Other highlights of Day 1 included a mayors’ panel discussion on resiliency with Tampa’s Jane Castor, St. Petersburg’s Rick Kriseman, and Clearwater’s George Cretekos. Their comments ranged from the need for local governments to get funding help from their federal and state counterparts to how resiliency efforts should be a continuing priority. (And in a lighter touch, Cretekos talked about how citizens shouldn’t put pizza boxes into recycling bins.)

The mayors were also on hand as the TBRPC announced JP Morgan Chase’s award of $500,000 for the development of a regional resilience initiative focused on affordable housing, called “Resilient and Energy Assessment of Communities and Housing” (REACH).

The REACH Project will bring together housing, resilience, and recovery planning experts and community leaders to assess potential risks that local communities face from extreme weather and sea level rise, and define new strategies and policies to increase affordable, resilient housing development and redevelopment.

To show the wide range of topics discussed at the Summit, here are a few examples of ideas and facts that came out during the session, which featured speakers from such forward-thinking regions as Houston, Miami, the Netherlands, and Norfolk, Virginia:

  • Clean energy strategies can include finding ways to capture gas as it hits the air from landfills or waste facilities, potentially turning it into revenue.
  • Studies show that the best way cities can reduce carbon footprints is by updating building codes to require more efficient structures.
  • Sixty percent of public transportation vehicles across the country are fueled alternatively.
  • The prices of alternative energy, such as natural gas, batteries, wind and solar, are steadily dropping.
  • Affordable housing must be designed so residents can endure prolonged power outages after an extreme weather event, because they have nowhere else to go. This can include cross-ventilation, shaded outdoor areas and rainwater collection.
  • The Dutch philosophy is not to simply create barriers against the water, but to understand how to create flexibility in structures and areas to cope with rising water.

At the end of the second day, attendees broke into small groups to identify priorities in numerous topics that are part of resiliency efforts, such as shorelines and transportation. Their feedback will play a part in creating goals for the region to consider in the coming year.

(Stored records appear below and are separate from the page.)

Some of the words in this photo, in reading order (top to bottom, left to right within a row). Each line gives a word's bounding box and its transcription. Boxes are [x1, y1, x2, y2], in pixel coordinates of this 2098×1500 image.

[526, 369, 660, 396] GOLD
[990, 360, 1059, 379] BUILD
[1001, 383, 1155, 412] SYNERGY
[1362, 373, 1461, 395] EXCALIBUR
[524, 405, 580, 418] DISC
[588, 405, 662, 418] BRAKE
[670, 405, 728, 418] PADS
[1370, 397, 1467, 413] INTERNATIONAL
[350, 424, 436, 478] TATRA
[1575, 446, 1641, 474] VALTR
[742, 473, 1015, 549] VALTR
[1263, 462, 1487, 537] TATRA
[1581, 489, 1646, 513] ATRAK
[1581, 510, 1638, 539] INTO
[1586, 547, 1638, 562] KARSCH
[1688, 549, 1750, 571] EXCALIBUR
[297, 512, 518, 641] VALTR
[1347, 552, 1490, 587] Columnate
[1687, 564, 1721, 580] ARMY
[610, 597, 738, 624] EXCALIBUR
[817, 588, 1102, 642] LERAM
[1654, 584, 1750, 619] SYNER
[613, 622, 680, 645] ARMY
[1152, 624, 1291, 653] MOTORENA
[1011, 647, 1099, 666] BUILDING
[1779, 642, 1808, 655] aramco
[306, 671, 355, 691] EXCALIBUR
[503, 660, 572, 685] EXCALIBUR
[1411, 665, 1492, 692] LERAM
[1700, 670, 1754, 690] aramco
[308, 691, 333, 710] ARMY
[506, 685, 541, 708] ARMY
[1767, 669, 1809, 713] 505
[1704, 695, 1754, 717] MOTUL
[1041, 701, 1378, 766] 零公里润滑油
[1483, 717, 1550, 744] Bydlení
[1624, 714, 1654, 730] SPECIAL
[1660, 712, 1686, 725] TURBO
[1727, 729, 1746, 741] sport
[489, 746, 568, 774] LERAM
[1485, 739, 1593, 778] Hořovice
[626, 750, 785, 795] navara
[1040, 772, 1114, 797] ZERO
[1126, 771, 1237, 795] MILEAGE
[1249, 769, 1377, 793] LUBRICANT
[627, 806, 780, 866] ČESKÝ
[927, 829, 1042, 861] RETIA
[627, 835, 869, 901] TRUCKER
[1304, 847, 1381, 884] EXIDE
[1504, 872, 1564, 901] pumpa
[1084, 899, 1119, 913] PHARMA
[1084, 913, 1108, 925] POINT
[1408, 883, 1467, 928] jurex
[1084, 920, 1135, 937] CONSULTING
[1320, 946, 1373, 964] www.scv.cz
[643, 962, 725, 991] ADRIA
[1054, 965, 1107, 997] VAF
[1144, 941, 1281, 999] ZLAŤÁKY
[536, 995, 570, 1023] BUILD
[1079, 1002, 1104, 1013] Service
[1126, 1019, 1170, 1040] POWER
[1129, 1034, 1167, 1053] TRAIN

The idea going forward, said CJ Reynolds, the TBRPC’s director of resiliency and engagement, is to first take the priorities established at the Summit to the Resiliency Coalition’s member municipalities for review. Then, the TBRPC will work with the municipalities to help as those areas determine their local priorities.

“The key in 2020 is to start turning ideas into action,” said Reynolds, who is taking a leading role in the Resiliency Coalition’s efforts. “We heard all about things that are working in other areas during the conference. Now, we’ll help determine what would work best in west-central Florida. We all agree that the time to do something is now.”